Workshop: AI for Data Rescue

AI for Data Rescue Workshop

Registration

Online workshop registration is free via this eventbrite link. Once signed up for the workshop via eventbrite you will receive, via email the week before, a MS Teams link for the virtual session on March 26, 2024.

Scope

Data rescue is a critical activity for any research area that requires access to historical data that is accurate and has good spatial and temporal coverage. Historical data, especially data that pre-dates 1900s, is typically recorded using typed or handwritten notes and logbooks in a wide variety of formats. Over the years, or centuries, documents are lost or damaged and the contextual metadata around data recordings often becomes separated from the data recordings themselves. To avoid losing this data many institutions, such as the UK Met Office, British Antarctic Survey and British Library, have run digitization projects where pages of historical documents are scanned into a digital image format. However, this work has now generated a big challenge of how to extract, or rescue, data from archives of 100,000's of scanned document pages so it can be used for scientific research such as climate science and weather forecasting.

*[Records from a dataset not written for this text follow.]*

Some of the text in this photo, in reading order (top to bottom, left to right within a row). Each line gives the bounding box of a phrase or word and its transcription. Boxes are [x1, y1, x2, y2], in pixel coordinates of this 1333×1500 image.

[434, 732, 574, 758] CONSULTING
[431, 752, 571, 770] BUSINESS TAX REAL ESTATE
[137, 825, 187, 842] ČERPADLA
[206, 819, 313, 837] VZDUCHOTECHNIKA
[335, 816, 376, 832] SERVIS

Excitingly, recent work in the areas of citizen science and AI, specifically image processing and natural language processing, are starting to effectively tackle this big challenge. One of the largest examples of citizen science is the 2020 [Rainfall Rescue] project involving the UK Met Office and University of Reading. This project developed a web platform for citizen science and was able to coordinate an incredible 16,000 volunteers over 16 days, manually transcribing over 66,000 pages of weather measurement data across a temporal span from 1677 to 1960. Recent examples of AI being used for data rescue includes the [Sphaera] project, using Large Language Models (LLMs) to extract pictures and diagrams from scanned historical texts, and the [GloSAT] project, using deep learning-based Region-based Convolutional Neural Networks (RCNN) models to detect table cells containing measurement data within scanned measurement logbooks.

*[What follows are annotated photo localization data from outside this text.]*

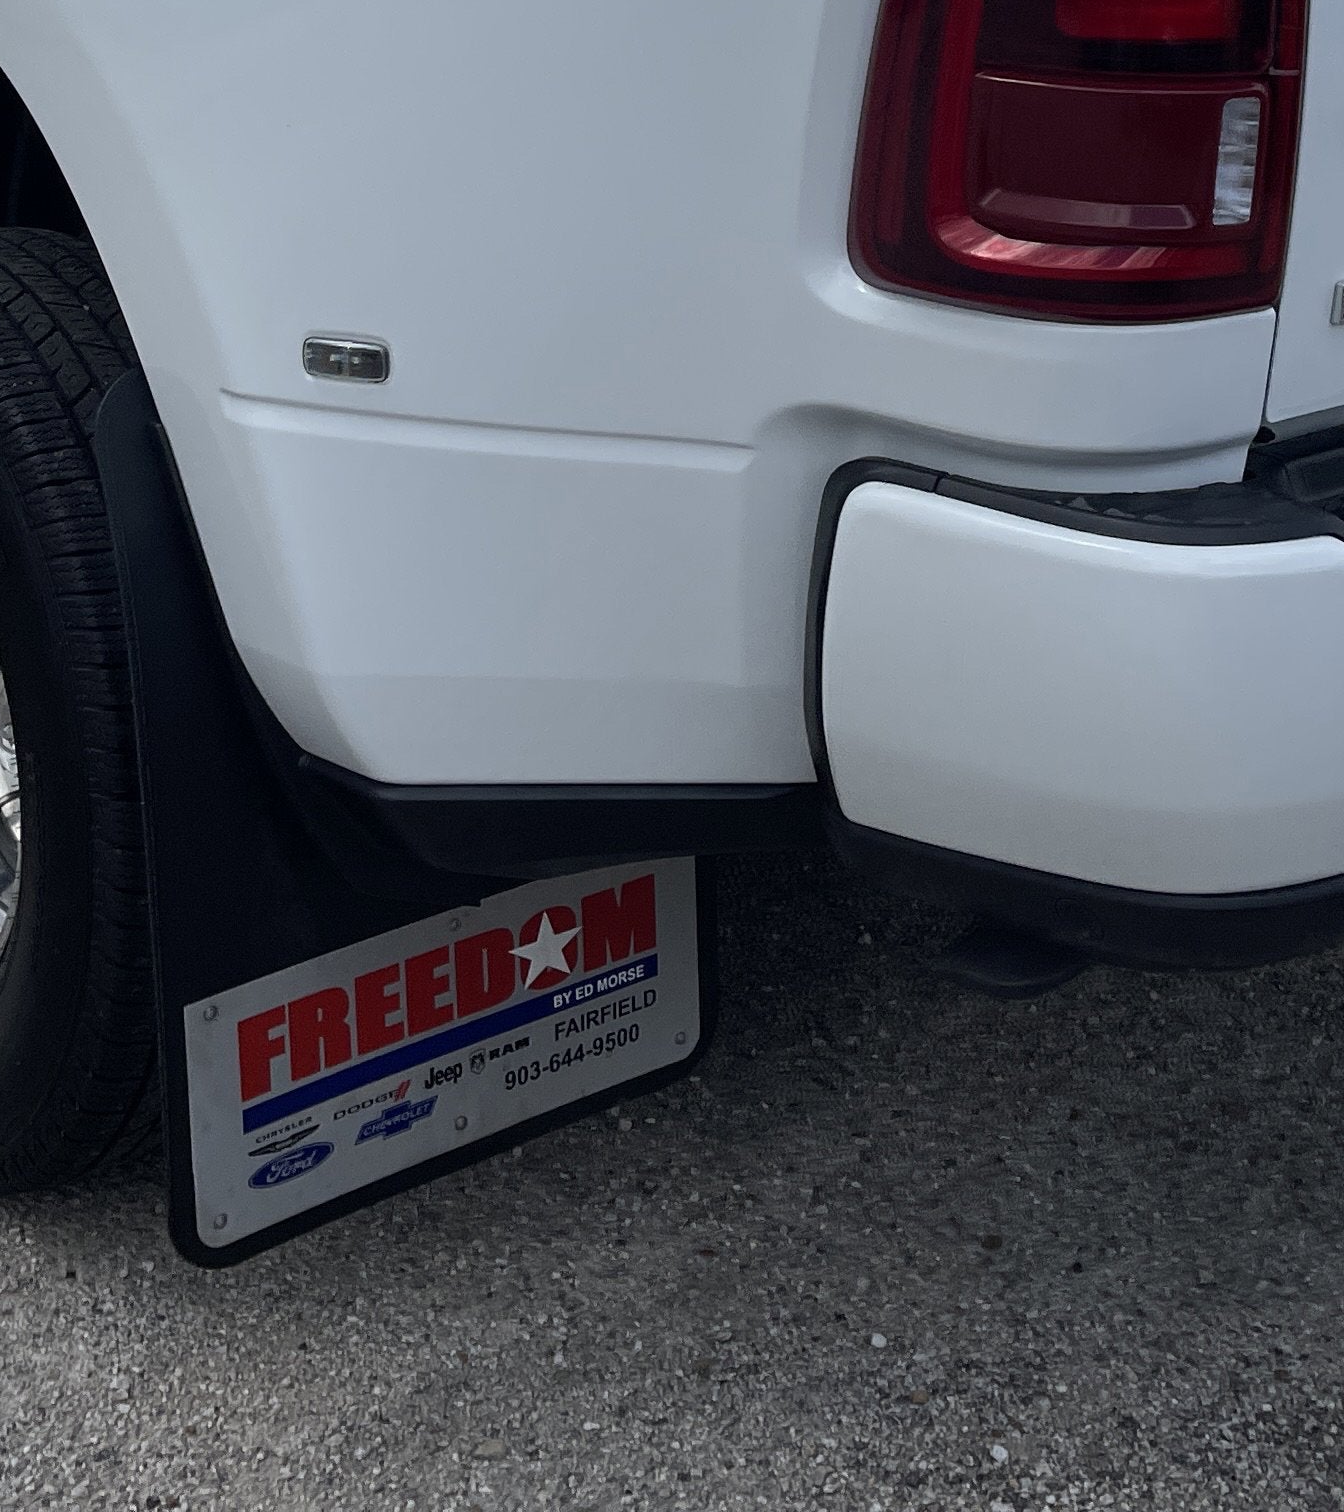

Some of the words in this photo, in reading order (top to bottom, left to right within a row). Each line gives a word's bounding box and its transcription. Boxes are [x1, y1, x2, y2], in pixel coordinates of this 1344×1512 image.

[237, 873, 657, 1102] FREEDOM
[553, 990, 573, 1008] BY
[575, 983, 594, 1000] ED
[597, 964, 645, 993] MORSE
[554, 989, 657, 1042] FAIRFIELD
[489, 1036, 531, 1062] RAM
[505, 1022, 640, 1091] 903-644-9500
[424, 1062, 463, 1090] Jeep
[255, 1115, 313, 1144] CHRYSLER
[363, 1102, 432, 1137] CHEVROLET
[266, 1149, 317, 1183] Ford
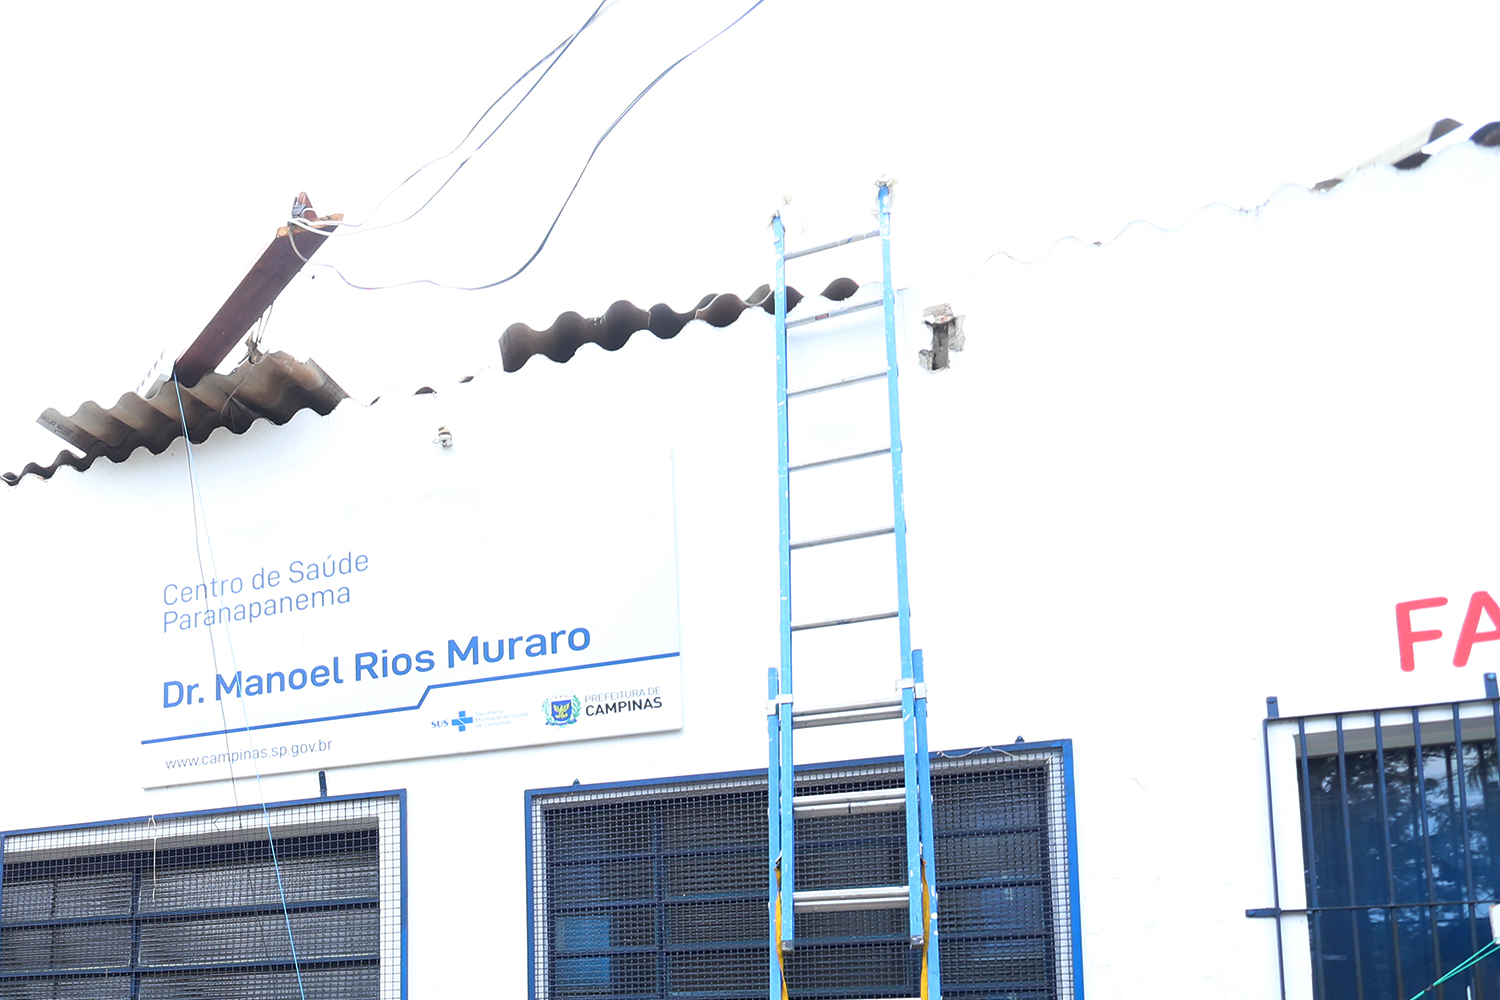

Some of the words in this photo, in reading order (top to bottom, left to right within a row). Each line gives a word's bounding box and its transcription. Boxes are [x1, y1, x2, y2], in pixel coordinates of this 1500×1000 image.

[163, 576, 243, 606] Centro
[252, 567, 280, 590] de
[289, 551, 369, 584] Saúde
[163, 586, 351, 633] Paranapanema
[1395, 590, 1500, 672] FA
[163, 680, 204, 709] Dr.
[215, 656, 344, 701] Manoel
[355, 649, 436, 682] Rios
[447, 627, 591, 669] Muraro
[584, 688, 646, 703] PREFEITURA
[647, 686, 661, 696] DE
[585, 696, 663, 717] CAMPINAS
[430, 719, 449, 729] SUS
[165, 739, 333, 769] www.campinas.sp.gov.br

This workshop seeks to bring together researchers and practitioners working on data rescue from both the AI and citizen science communities, with the aim of sharing experience gained and lessons learnt between these often separate disciplines. We will discuss the key challenges AI and citizen science face today in the context of data rescue and attempt to signpost the current directions of travel that might overcome these challenges in the short and medium term.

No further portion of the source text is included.